### [Data supplied]
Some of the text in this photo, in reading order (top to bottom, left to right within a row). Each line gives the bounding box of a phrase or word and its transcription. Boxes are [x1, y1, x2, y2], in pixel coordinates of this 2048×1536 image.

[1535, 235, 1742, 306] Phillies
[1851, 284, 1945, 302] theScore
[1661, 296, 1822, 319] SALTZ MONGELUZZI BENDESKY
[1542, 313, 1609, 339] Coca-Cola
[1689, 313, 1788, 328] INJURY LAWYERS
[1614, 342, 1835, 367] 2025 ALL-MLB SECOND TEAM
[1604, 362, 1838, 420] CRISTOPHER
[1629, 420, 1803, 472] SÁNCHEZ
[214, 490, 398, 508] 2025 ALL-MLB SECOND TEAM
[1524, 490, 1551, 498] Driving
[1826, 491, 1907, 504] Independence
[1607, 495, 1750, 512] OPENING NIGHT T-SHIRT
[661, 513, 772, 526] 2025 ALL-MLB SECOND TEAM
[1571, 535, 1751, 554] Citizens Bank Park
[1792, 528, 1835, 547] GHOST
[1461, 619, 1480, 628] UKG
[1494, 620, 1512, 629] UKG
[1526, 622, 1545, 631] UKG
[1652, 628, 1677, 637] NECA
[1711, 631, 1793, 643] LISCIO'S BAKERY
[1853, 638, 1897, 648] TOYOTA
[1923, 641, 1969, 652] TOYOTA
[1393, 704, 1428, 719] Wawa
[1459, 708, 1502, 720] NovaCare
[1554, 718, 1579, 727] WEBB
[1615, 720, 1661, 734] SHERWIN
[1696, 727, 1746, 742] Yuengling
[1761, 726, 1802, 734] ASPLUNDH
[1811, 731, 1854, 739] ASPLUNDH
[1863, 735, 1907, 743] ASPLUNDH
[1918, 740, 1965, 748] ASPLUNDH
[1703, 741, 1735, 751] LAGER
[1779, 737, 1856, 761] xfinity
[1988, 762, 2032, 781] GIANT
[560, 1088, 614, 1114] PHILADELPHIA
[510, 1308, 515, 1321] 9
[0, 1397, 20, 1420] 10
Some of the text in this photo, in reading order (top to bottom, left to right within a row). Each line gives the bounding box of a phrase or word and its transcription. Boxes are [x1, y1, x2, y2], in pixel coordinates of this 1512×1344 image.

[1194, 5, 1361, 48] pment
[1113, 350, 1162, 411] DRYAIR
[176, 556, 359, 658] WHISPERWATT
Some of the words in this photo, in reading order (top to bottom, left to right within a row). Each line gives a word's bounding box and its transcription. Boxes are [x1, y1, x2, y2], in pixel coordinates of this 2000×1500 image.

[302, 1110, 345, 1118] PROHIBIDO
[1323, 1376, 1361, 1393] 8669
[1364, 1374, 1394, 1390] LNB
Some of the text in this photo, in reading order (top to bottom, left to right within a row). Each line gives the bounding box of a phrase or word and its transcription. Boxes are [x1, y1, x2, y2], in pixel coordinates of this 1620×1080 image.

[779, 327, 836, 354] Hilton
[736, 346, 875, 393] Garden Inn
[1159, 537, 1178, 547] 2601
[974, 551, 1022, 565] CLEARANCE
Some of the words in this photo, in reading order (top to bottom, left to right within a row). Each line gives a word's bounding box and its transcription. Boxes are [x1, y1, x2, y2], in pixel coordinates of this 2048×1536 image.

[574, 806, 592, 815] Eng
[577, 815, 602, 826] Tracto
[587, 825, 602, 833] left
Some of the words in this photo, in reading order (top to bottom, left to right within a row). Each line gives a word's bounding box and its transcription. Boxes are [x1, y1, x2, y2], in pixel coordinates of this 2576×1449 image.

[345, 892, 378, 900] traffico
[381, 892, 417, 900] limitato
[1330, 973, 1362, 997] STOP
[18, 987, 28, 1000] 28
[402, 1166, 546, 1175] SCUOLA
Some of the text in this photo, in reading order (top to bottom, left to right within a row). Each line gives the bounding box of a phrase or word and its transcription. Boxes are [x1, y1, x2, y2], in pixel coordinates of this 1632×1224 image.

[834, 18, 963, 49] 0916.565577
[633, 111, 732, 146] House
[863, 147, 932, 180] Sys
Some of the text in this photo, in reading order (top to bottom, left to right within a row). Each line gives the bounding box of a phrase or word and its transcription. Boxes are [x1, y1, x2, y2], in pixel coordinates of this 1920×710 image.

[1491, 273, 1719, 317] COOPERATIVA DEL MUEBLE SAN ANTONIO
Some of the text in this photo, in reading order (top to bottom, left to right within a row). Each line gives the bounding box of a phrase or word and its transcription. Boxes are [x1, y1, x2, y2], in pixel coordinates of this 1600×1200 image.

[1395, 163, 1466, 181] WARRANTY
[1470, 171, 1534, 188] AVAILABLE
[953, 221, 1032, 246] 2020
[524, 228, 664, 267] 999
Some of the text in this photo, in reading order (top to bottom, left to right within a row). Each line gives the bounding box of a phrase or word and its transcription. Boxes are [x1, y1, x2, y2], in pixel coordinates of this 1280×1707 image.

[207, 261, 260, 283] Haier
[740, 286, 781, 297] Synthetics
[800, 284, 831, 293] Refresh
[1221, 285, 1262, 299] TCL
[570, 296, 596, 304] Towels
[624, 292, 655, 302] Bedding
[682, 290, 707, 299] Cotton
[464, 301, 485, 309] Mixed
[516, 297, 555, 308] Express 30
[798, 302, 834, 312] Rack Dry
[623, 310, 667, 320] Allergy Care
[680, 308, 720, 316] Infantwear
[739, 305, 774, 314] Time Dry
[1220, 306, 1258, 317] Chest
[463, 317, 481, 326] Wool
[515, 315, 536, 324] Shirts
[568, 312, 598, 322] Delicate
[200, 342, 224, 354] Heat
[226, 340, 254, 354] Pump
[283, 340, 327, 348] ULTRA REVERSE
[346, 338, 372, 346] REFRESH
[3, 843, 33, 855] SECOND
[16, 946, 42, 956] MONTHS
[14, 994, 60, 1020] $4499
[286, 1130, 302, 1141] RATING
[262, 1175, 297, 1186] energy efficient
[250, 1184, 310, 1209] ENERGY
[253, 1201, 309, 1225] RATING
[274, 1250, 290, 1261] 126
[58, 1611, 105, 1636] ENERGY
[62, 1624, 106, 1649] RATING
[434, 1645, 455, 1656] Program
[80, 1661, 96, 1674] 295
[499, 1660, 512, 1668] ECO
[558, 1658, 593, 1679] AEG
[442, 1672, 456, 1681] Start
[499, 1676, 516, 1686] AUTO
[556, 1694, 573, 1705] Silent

### [What you have to do]
Reproduce every entry, word for word.

### [Finished exercise]
Some of the text in this photo, in reading order (top to bottom, left to right within a row). Each line gives the bounding box of a phrase or word and its transcription. Boxes are [x1, y1, x2, y2], in pixel coordinates of this 2048×1536 image.

[1535, 235, 1742, 306] Phillies
[1851, 284, 1945, 302] theScore
[1661, 296, 1822, 319] SALTZ MONGELUZZI BENDESKY
[1542, 313, 1609, 339] Coca-Cola
[1689, 313, 1788, 328] INJURY LAWYERS
[1614, 342, 1835, 367] 2025 ALL-MLB SECOND TEAM
[1604, 362, 1838, 420] CRISTOPHER
[1629, 420, 1803, 472] SÁNCHEZ
[214, 490, 398, 508] 2025 ALL-MLB SECOND TEAM
[1524, 490, 1551, 498] Driving
[1826, 491, 1907, 504] Independence
[1607, 495, 1750, 512] OPENING NIGHT T-SHIRT
[661, 513, 772, 526] 2025 ALL-MLB SECOND TEAM
[1571, 535, 1751, 554] Citizens Bank Park
[1792, 528, 1835, 547] GHOST
[1461, 619, 1480, 628] UKG
[1494, 620, 1512, 629] UKG
[1526, 622, 1545, 631] UKG
[1652, 628, 1677, 637] NECA
[1711, 631, 1793, 643] LISCIO'S BAKERY
[1853, 638, 1897, 648] TOYOTA
[1923, 641, 1969, 652] TOYOTA
[1393, 704, 1428, 719] Wawa
[1459, 708, 1502, 720] NovaCare
[1554, 718, 1579, 727] WEBB
[1615, 720, 1661, 734] SHERWIN
[1696, 727, 1746, 742] Yuengling
[1761, 726, 1802, 734] ASPLUNDH
[1811, 731, 1854, 739] ASPLUNDH
[1863, 735, 1907, 743] ASPLUNDH
[1918, 740, 1965, 748] ASPLUNDH
[1703, 741, 1735, 751] LAGER
[1779, 737, 1856, 761] xfinity
[1988, 762, 2032, 781] GIANT
[560, 1088, 614, 1114] PHILADELPHIA
[510, 1308, 515, 1321] 9
[0, 1397, 20, 1420] 10
Some of the text in this photo, in reading order (top to bottom, left to right within a row). Each line gives the bounding box of a phrase or word and its transcription. Boxes are [x1, y1, x2, y2], in pixel coordinates of this 1512×1344 image.

[1194, 5, 1361, 48] pment
[1113, 350, 1162, 411] DRYAIR
[176, 556, 359, 658] WHISPERWATT
Some of the words in this photo, in reading order (top to bottom, left to right within a row). Each line gives a word's bounding box and its transcription. Boxes are [x1, y1, x2, y2], in pixel coordinates of this 2000×1500 image.

[302, 1110, 345, 1118] PROHIBIDO
[1323, 1376, 1361, 1393] 8669
[1364, 1374, 1394, 1390] LNB
Some of the text in this photo, in reading order (top to bottom, left to right within a row). Each line gives the bounding box of a phrase or word and its transcription. Boxes are [x1, y1, x2, y2], in pixel coordinates of this 1620×1080 image.

[779, 327, 836, 354] Hilton
[736, 346, 875, 393] Garden Inn
[1159, 537, 1178, 547] 2601
[974, 551, 1022, 565] CLEARANCE
Some of the words in this photo, in reading order (top to bottom, left to right within a row). Each line gives a word's bounding box and its transcription. Boxes are [x1, y1, x2, y2], in pixel coordinates of this 2048×1536 image.

[574, 806, 592, 815] Eng
[577, 815, 602, 826] Tracto
[587, 825, 602, 833] left
Some of the words in this photo, in reading order (top to bottom, left to right within a row). Each line gives a word's bounding box and its transcription. Boxes are [x1, y1, x2, y2], in pixel coordinates of this 2576×1449 image.

[345, 892, 378, 900] traffico
[381, 892, 417, 900] limitato
[1330, 973, 1362, 997] STOP
[18, 987, 28, 1000] 28
[402, 1166, 546, 1175] SCUOLA
Some of the text in this photo, in reading order (top to bottom, left to right within a row). Each line gives the bounding box of a phrase or word and its transcription. Boxes are [x1, y1, x2, y2], in pixel coordinates of this 1632×1224 image.

[834, 18, 963, 49] 0916.565577
[633, 111, 732, 146] House
[863, 147, 932, 180] Sys
Some of the text in this photo, in reading order (top to bottom, left to right within a row). Each line gives the bounding box of a phrase or word and its transcription. Boxes are [x1, y1, x2, y2], in pixel coordinates of this 1920×710 image.

[1491, 273, 1719, 317] COOPERATIVA DEL MUEBLE SAN ANTONIO
Some of the text in this photo, in reading order (top to bottom, left to right within a row). Each line gives the bounding box of a phrase or word and its transcription. Boxes are [x1, y1, x2, y2], in pixel coordinates of this 1600×1200 image.

[1395, 163, 1466, 181] WARRANTY
[1470, 171, 1534, 188] AVAILABLE
[953, 221, 1032, 246] 2020
[524, 228, 664, 267] 999
Some of the text in this photo, in reading order (top to bottom, left to right within a row). Each line gives the bounding box of a phrase or word and its transcription. Boxes are [x1, y1, x2, y2], in pixel coordinates of this 1280×1707 image.

[207, 261, 260, 283] Haier
[740, 286, 781, 297] Synthetics
[800, 284, 831, 293] Refresh
[1221, 285, 1262, 299] TCL
[570, 296, 596, 304] Towels
[624, 292, 655, 302] Bedding
[682, 290, 707, 299] Cotton
[464, 301, 485, 309] Mixed
[516, 297, 555, 308] Express 30
[798, 302, 834, 312] Rack Dry
[623, 310, 667, 320] Allergy Care
[680, 308, 720, 316] Infantwear
[739, 305, 774, 314] Time Dry
[1220, 306, 1258, 317] Chest
[463, 317, 481, 326] Wool
[515, 315, 536, 324] Shirts
[568, 312, 598, 322] Delicate
[200, 342, 224, 354] Heat
[226, 340, 254, 354] Pump
[283, 340, 327, 348] ULTRA REVERSE
[346, 338, 372, 346] REFRESH
[3, 843, 33, 855] SECOND
[16, 946, 42, 956] MONTHS
[14, 994, 60, 1020] $4499
[286, 1130, 302, 1141] RATING
[262, 1175, 297, 1186] energy efficient
[250, 1184, 310, 1209] ENERGY
[253, 1201, 309, 1225] RATING
[274, 1250, 290, 1261] 126
[58, 1611, 105, 1636] ENERGY
[62, 1624, 106, 1649] RATING
[434, 1645, 455, 1656] Program
[80, 1661, 96, 1674] 295
[499, 1660, 512, 1668] ECO
[558, 1658, 593, 1679] AEG
[442, 1672, 456, 1681] Start
[499, 1676, 516, 1686] AUTO
[556, 1694, 573, 1705] Silent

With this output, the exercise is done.